This week is National Paramedic Services Week here in Canada and we are feeling really lucky to be joined by four awesome paramedics from the Paramedic Association of Canada. We are very excited to learn all about becoming a paramedic and to hear about the struggles facing paramedics right now. Come along with us as we talk to Derek Cassista, Melanie Stephens, Steven Leu and Ashley Chasse, paramedics from across Canada!
Steve: I've been a paramedic for 37 years this May. I started out at Algonquin College. The paramedic course in Ontario at that point in time was one year long. I came out of there. I worked in rural and urban environments. Part-time was very difficult to get a full-time job back then. So I worked part-time for approximately nine years at multiple different services in rural and urban environments. I was a primary care paramedic when I graduated, which is what happened when you came out of Algonquin College. I was fortunate enough to get into Advanced Care paramedic training that was offered in Ottawa through Kitchener College out of Toronto and I became an advanced care paramedic. I did that for a few years, became full-time, and I then went on to become an advanced care flight paramedic, worked two and a half years or so on a helicopter, air ambulance out of Ottawa, and then the city of Ottawa was amalgamating their paramedic services. All of Ontario was amalgamating their paramedic services, going to large municipalities. I was hired as one of the first 12 superintendents for the New Ottawa Paramedic Service, and I've been there now for 23 years doing that.
Ashley: Hi, my name is Ashley Chasse. I'm a 22-year-old primary care paramedic. I am on my third year practicing in the rural northwest of New Brunswick. I took the primary care Paramedics program at Oulten College in Moncton.
Melanie: My name is Melanie Stevens. I am a primary care paramedic. I've been working for B.C. Ambulance Service for just over ten years. This is my second career, so it's been really interesting.
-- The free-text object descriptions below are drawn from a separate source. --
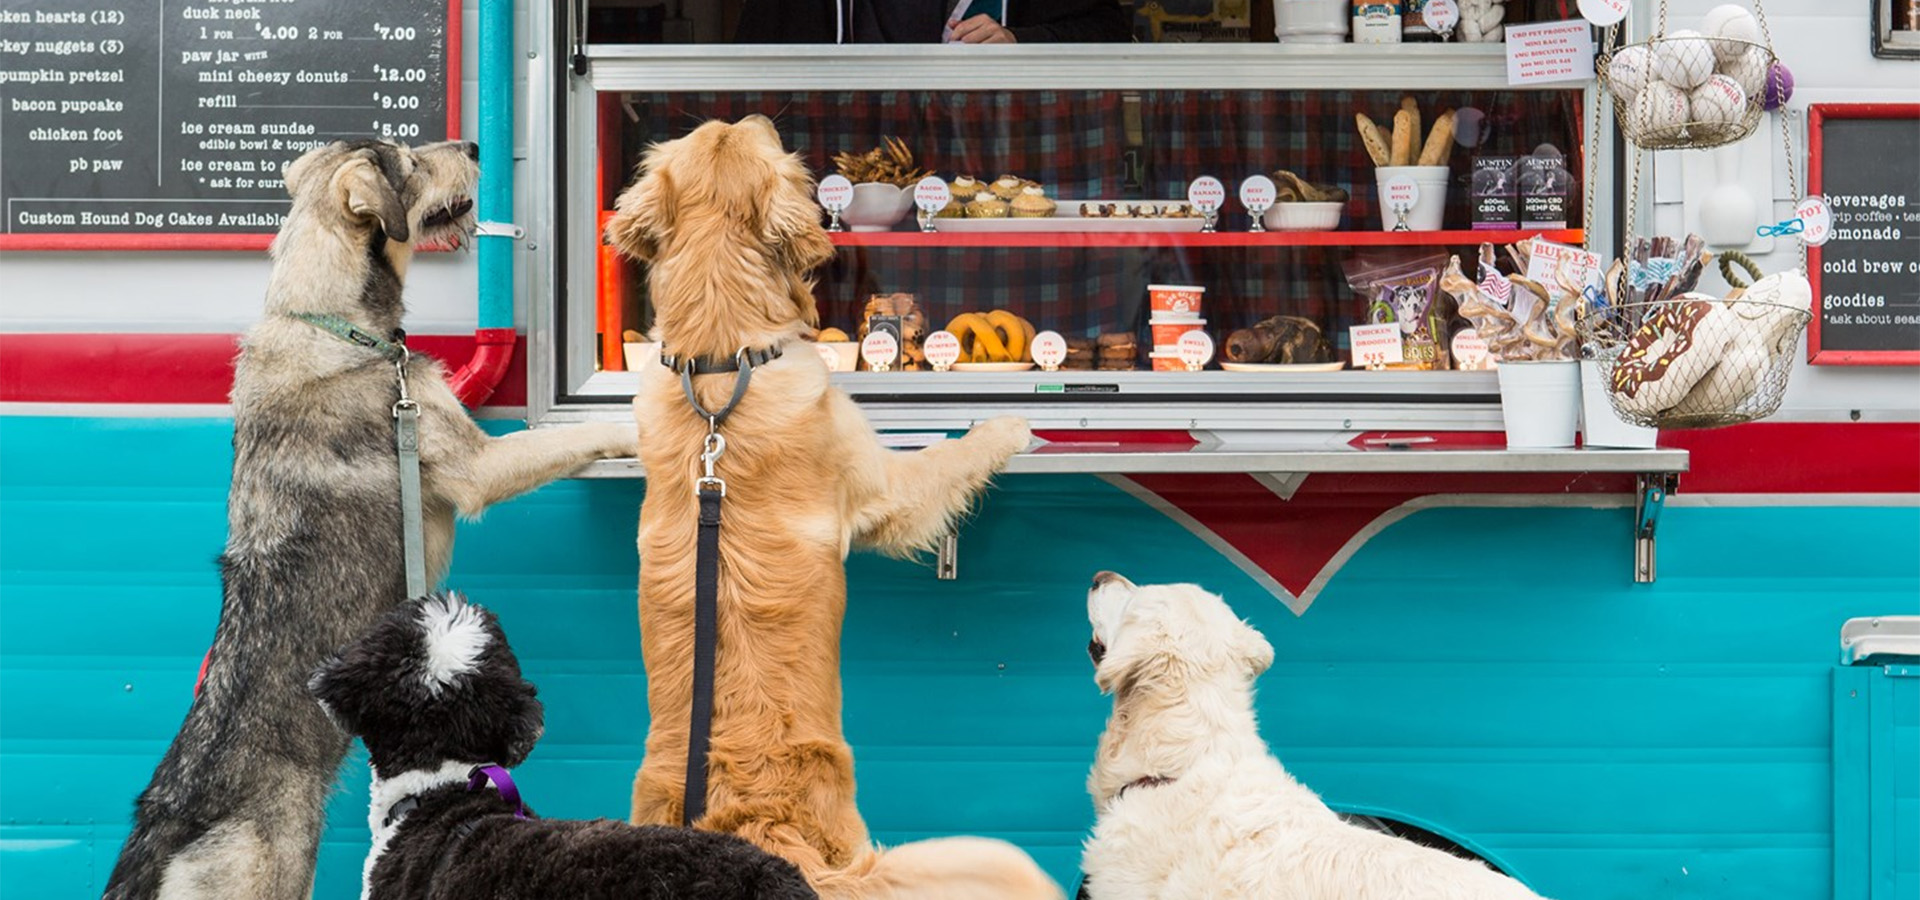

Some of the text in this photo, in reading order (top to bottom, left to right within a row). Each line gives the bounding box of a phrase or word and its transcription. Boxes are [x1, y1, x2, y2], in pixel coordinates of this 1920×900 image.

[36, 10, 86, 23] hearts
[91, 10, 125, 25] (12)
[183, 6, 261, 19] duck neck
[200, 22, 416, 40] 1 FOR $4.00 2 FOR $7.00
[35, 40, 95, 55] nuggets
[100, 40, 124, 55] (3)
[182, 49, 268, 64] paw jar WITH
[0, 69, 124, 84] pumpkin pretzel
[199, 64, 426, 85] mini cheezy donuts $12.00
[12, 98, 124, 114] bacon pupcake
[198, 92, 419, 109] refill $9.00
[29, 128, 123, 140] chicken foot
[181, 120, 420, 137] ice cream sundae $5.00
[200, 140, 331, 152] edible bowl & toppin
[70, 157, 123, 172] pb paw
[181, 158, 203, 172] ice
[208, 160, 255, 172] cream
[260, 160, 276, 172] to
[210, 178, 285, 188] ask for curr
[1823, 193, 1906, 210] beverages
[1798, 204, 1822, 219] TOY
[1833, 212, 1852, 224] rip
[1854, 212, 1892, 222] coffee
[18, 212, 289, 228] Custom Hound Dog Cakes Available
[1804, 226, 1822, 236] $10
[1829, 226, 1901, 240] emonade
[1823, 259, 1920, 273] cold brew c
[1823, 292, 1885, 310] goodies
[1855, 313, 1892, 324] about
[1356, 328, 1392, 336] CHICKEN
[1364, 352, 1384, 361] $15
I had kind of a unique start into paramedics and I never thought of it actually as a job option until the small rural community I was living in suddenly wasn't going to have ambulance service. So, here I am ten years later. Now I am a clinical educator, so I travel around the province educating other paramedics, and I also work for our critical incident stress team. I'm one of a couple of coordinators in the province supporting paramedics with their psychological health.
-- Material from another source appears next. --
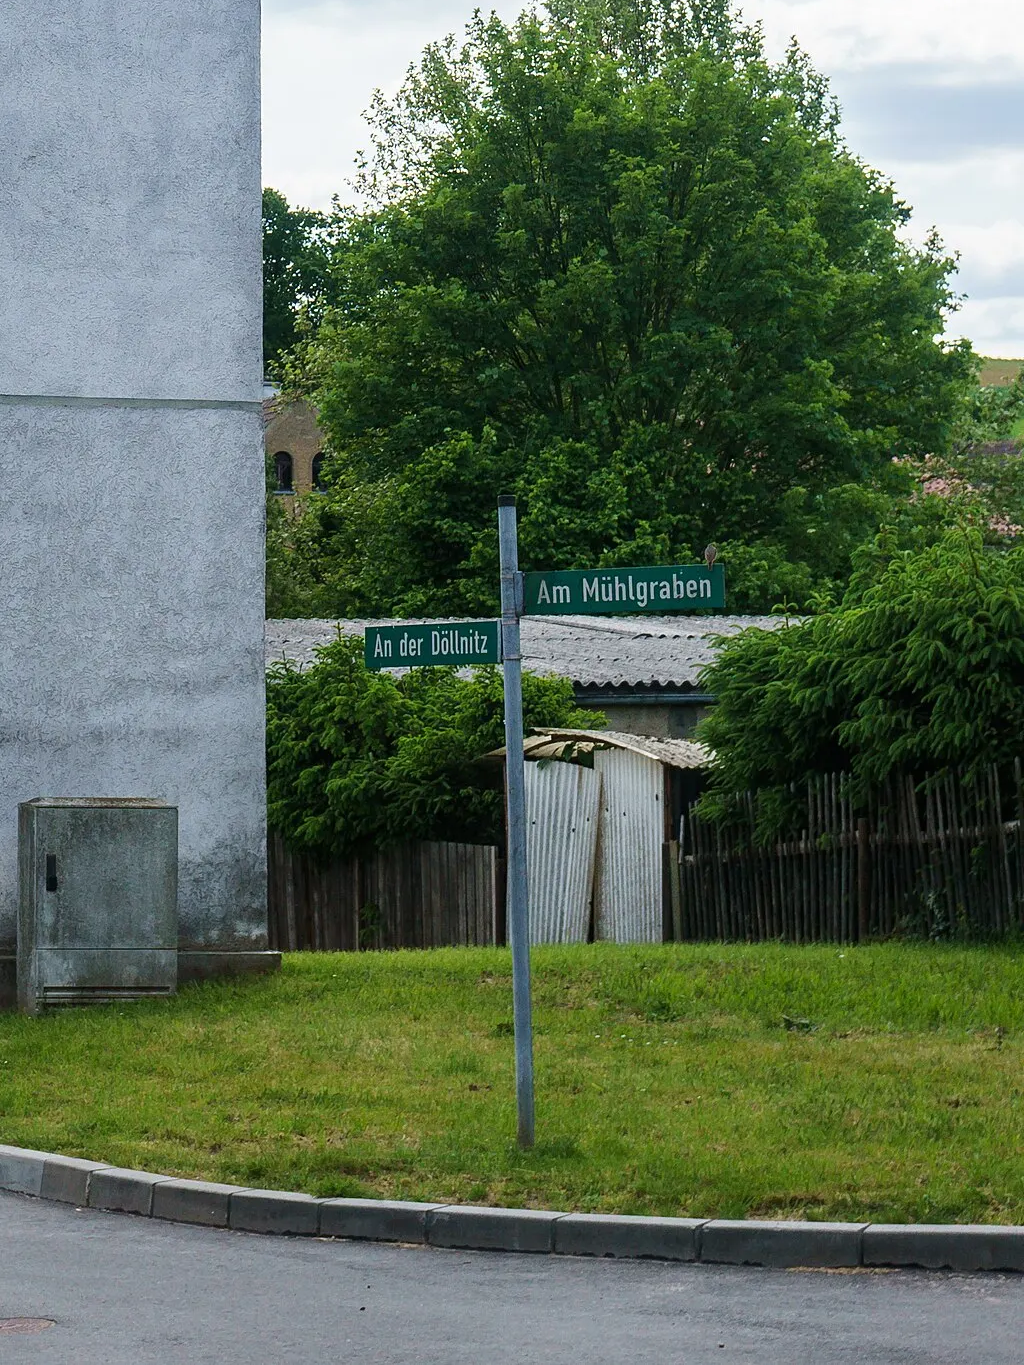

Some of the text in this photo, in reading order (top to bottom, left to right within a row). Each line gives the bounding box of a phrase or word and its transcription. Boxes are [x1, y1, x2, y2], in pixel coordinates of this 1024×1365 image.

[537, 573, 712, 608] Am Mühlgraben
[374, 629, 488, 657] An der Döllnitz
Derek: I'm Derek Cassista. I'm a primary care paramedic here in New Brunswick. I entered the profession in 2007. Geographically, the nearest paramedic school was a bit further away than I was willing to travel. The closest one was actually in the United States, so I hopped the border and went to school in the U.S. I took my paramedic schooling over there when I graduated the program I hopped back over the border into Canada here in New Brunswick and went through the regular regulatory process, became licensed and I began my career as a paramedic. It was a unique time to enter the profession because in 2007, New Brunswick went from private operators to a provincially standardized system. I jumped in, in August, and the magic date was December 16th, 2007, when everything was flipping the switch. Some people called it a takeover, some people called it a step back. Some people called it a step up. But it was a really cool time to enter the profession. Everyone had an opinion about everything at the time. I got to see the best of both worlds. Then we weathered the takeover in 2007 and saw that transition happen. Then about three or four years after that, I became involved in the Paramedic Association, and I really took an interest in promoting the professional standards of the profession, advocating on behalf of the profession. I've held roles within the Paramedic Association since then and then more recently became involved at the federal level advocating on behalf of paramedics across Canada. I have a really keen interest in promoting the profession while still an active, practicing primary care paramedic as well. I wear a lot of hats. Here in New Brunswick, I operate as a field trainer, clinical support paramedic and just really do a lot of advocacy on behalf of the profession so we can talk about the profession all night here on this broadcast.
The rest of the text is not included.